RIM's co-chief executives Mike Lazaridis and Jim Balsillie, in an apparent bid to cool investor anger at their leadership, said they agreed to take an immediate pay cut to $1.

The pair are also RIM's two largest shareholders and share the chairmanship of the board.

It was the latest in a long series of setbacks for a company that once dominated the smartphone market but, to the chagrin of investors, is now struggling to keep pace with the innovations of Apple and other rivals.

RIM explained that the QNX delay was necessary so it could make use of more powerful and energy-efficient chipsets expected to arrive in mid-2012.

"By then the ecosystem runs the risk of being abandoned," said Colin Gillis, an analyst at BGC Partners in New York.

"They've already got tepid developer support and then they're going to be rolling out these phones right smack in the (midst) of an iPhone 5 (launch) most likely," he said, referring to the next iteration of Apple's smartphone.

To make matters worse, RIM said it would ship just 11-12 million smartphones in the weeks around Christmas, a range that lines RIM up for the first quarter-to-quarter decline in six years during the crucial sales 

Its expected shipment figures compare poorly to the 14.1 million phones it shipped in the previous quarter and 14.8 million in the Christmas quarter last year.

The likely drop bodes poorly for RIM as it was banking on an improved BlackBerry 7 line, equipped with the legacy operating system, to stem defections until it could release the QNX line.

"The matter that they turned in a bad quarter shouldn't come as a shock to anybody," said John Jackson, an analyst at CCS Insight in Boston.

"I think the more important issue for RIM is that it is highly unclear exactly when they're going to be able turn things around."

RIM has been counting on the new operating system to make up ground lost to Apple's iPhone and iPad and the slew of devices that make use of Google's Android software.

Its market share, particularly in the United States, has steadily eroded and its share price, down about 73 percent this year, has followed suit.

Subscriptions rise

Including a pre-tax writedown on discounted PlayBook inventory worth US$485 million, RIM made a third-quarter profit of $265 million, or 51 cents a share.

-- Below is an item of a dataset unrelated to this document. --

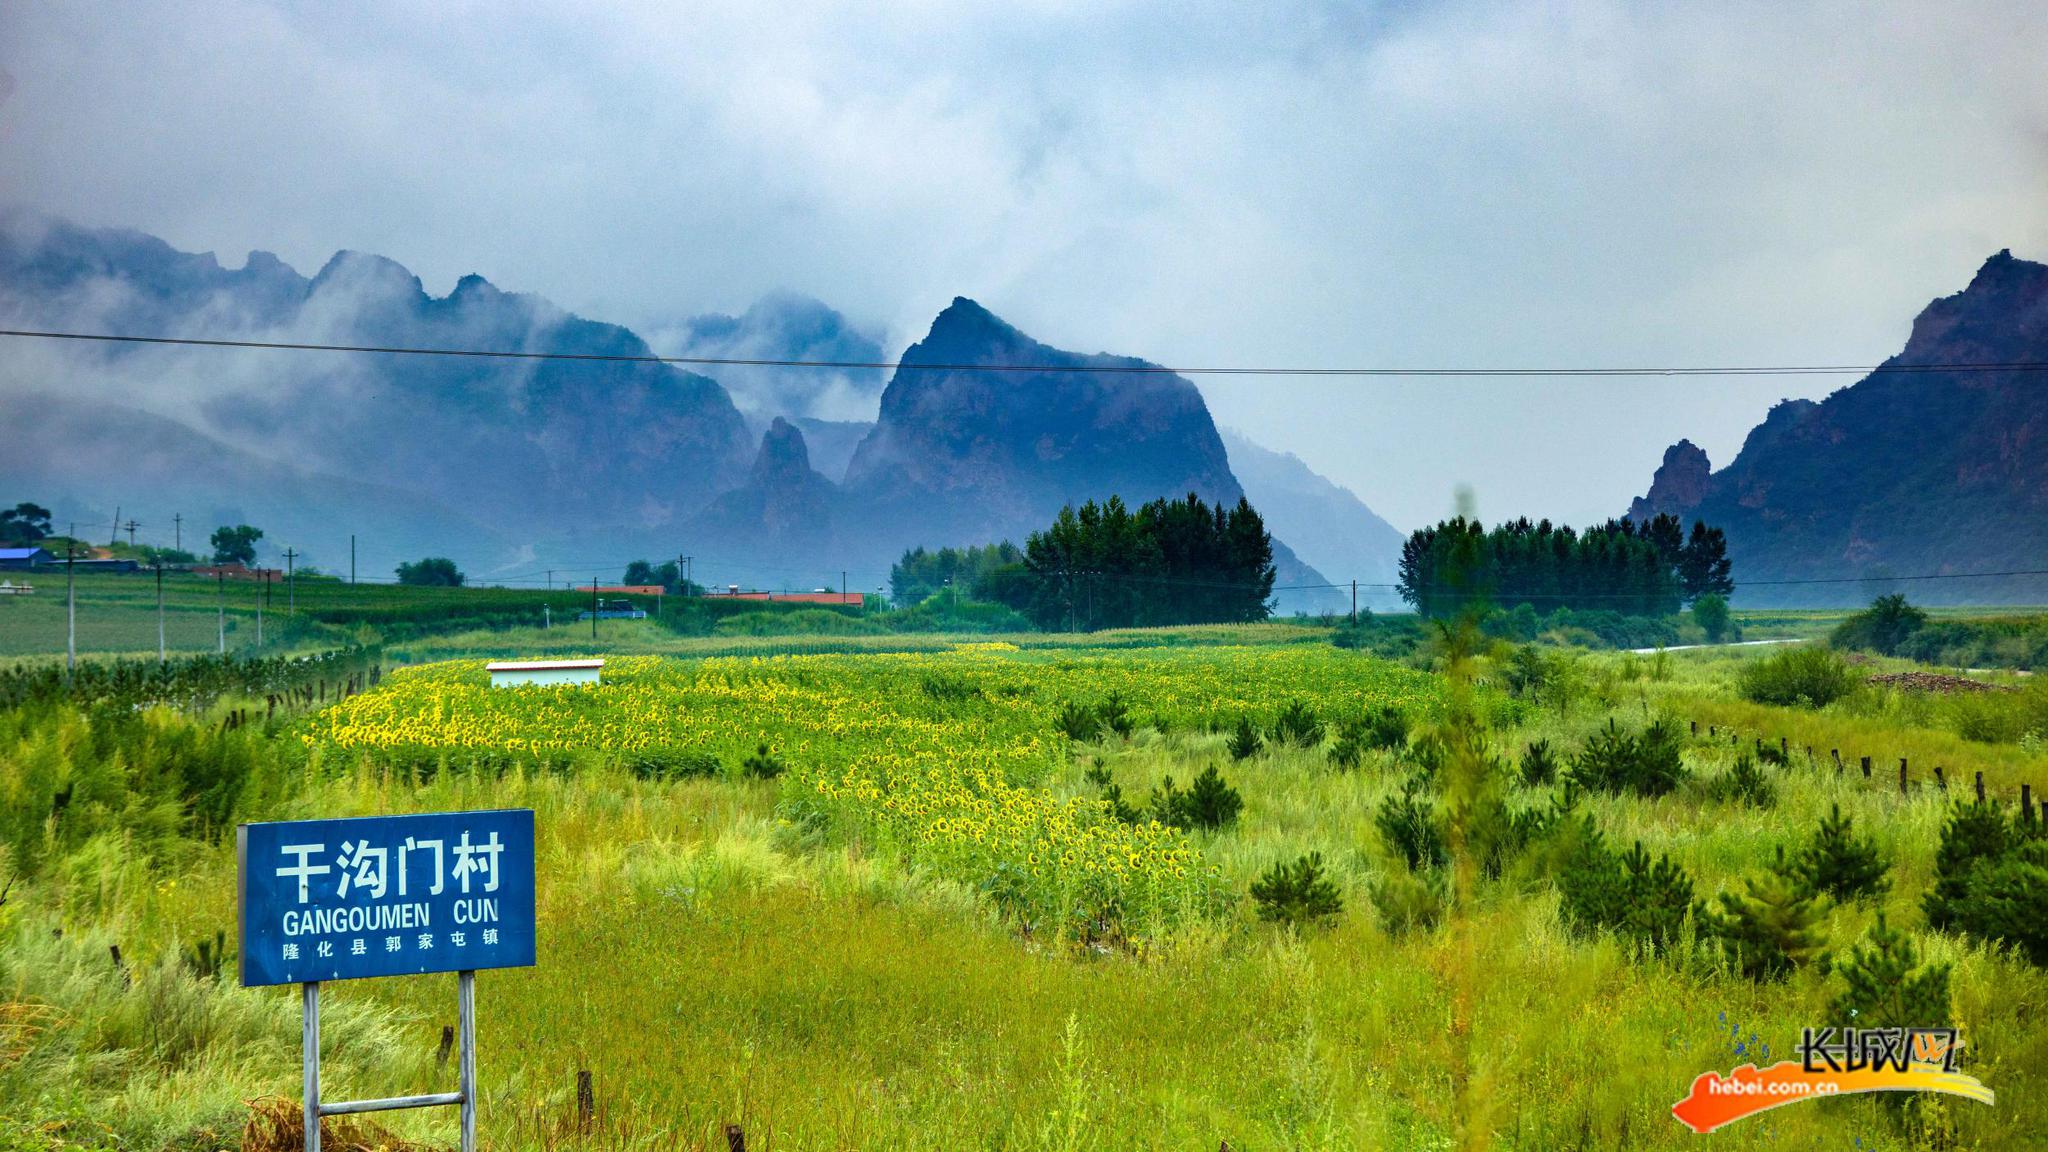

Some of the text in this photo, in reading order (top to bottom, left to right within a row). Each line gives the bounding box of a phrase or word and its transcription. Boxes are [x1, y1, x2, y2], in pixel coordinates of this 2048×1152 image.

[276, 831, 504, 904] 干沟门村
[282, 898, 498, 936] GANGOUMEN CUN
[282, 928, 499, 961] 隆化县郭家屯镇

It said it now has almost 75 million subscribers, up from the more than 70 million it reported at the end of its second quarter.

"They're still adding a lot of subscribers, but they're not selling enough phones," said Tavis McCourt, an analyst at Morgan Keegan.

"Are customers just going to upgrade to the iPhone and Android or are they really that loyal where they're going to wait for a better BlackBerry?"

The stock fell to $14 in after-hours Nasdaq trade, after closing at $15.13. In February, just ahead of the PlayBook's launch, RIM shares changed hands for as much as $70.